The Job-losing Spell is Cast in Delaware

by : Glady Reign

The ambience is bleak so are their faces. They knew it is coming but there seems to be no way out. To Chrysler's workers in Delaware, the austerity never felt that bad. Well, not until the job-losing spell is cast. The announcement about plant closures and job cuts crushes them into smithereens.

Chrysler's workers are anxious about the outcomes of the slump in demand and sales of the automaker's vehicles. However, it still struck them hard when the announcement was conveyed to them. At Newark, Delaware, there is no better proof of the challenges facing DaimlerChrysler AG's Chrysler Group and its workers than the rows of Dodge Durango sport utility vans built down the road at the automaker's assembly plant.

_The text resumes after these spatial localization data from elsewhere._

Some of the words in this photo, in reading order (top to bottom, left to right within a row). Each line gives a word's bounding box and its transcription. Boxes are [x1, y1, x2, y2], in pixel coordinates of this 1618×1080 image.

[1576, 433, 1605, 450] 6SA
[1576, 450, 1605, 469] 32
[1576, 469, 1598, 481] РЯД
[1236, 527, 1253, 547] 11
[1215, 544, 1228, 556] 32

The Dodge Durango's sales dropped 39 percent last year compared to that of 2005. With the increase of gasoline prices and the shift of the market to small fuel-efficient cars, Chrysler had little to offer customers. This is primarily due to the fact that 70 percent of its sales depend on fuel-thirsty trucks.

Earlier, the automaker has declined to go into details when asked about the thing they call as Project X. However, last Wednesday, the much-awaited revelation happened as scheduled. Chrysler has finally announced its widely expected restructuring plan that necessitates slashing of at least 11,000 hourly and salaried workers and the closure of at least two factories in the United States and this is including the Newark Assembly. The plan dubbed as Project X is formulated to transform Chrysler into a leaner and more competitive company that will bloom by working more closely with its German parent Mercedes-Benz in producing vehicles.

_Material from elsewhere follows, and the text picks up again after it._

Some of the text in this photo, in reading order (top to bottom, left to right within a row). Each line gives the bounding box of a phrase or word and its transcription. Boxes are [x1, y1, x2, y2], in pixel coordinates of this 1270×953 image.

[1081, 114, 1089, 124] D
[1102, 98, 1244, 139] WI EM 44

The situation elicits various reactions from the workers. Harry McHenry, an 83-year-old retiree from Newark Assembly, said, "I wouldn't want to be in their shoes today or working in manufacturing. The big SUVs are too expensive to fill up." He could wish to assemble but to no avail - for he is stranded in the doomed plant.

Lee Cross, a forklift driver who has 27 years seniority said, "The public gets to make the decision whether we stay open by what they buy." Cross is 45 years old and he turned down the Marine Corps at age 18 and went to work at the Newark Assembly. "If the plant closes," he said, "it's going to have a big impact on this town."

Kenneth Malin, also a co-owner of Malin's Market and Deli, said, "Chrysler's just like any other business. If their costs exceed revenue, they have to do something." He added, "Obviously, people have moved away from big SUVs." The restructure plan could save the automaker but one thing is sure about the whole deal: it will force a painful reality on the lives of the workers and other businesses linked to it - from Detroit, Windsor to Newark. Malin predicted that business could drop five percent to seven percent if the factory is shattered.

The Newark Assembly has been on a one-week-on, one-week-off rotation since July last year. This gives workers more time to worry about their future. "People have been on edge for weeks, waiting and waiting," said Dan Benson, a 41-year-old mother of one with 16 years at Newark. "There's been a lot of crying, a lot of people worried about losing their homes and worried about what they would do next."

DaimlerChrysler is not alone in this plight. General Motors and Ford Motor Co. are included in the chaotic scenario in the United States. In addition, analysts are predicting that industry retrenches will intensify in the next few years. Delphi Corp., a bankrupt auto supplier, intends to close 21 of its 29 plants in the United States. Ford plans to close 16 plants by 2012 and GM will shut down 12 factories by the end of 2008.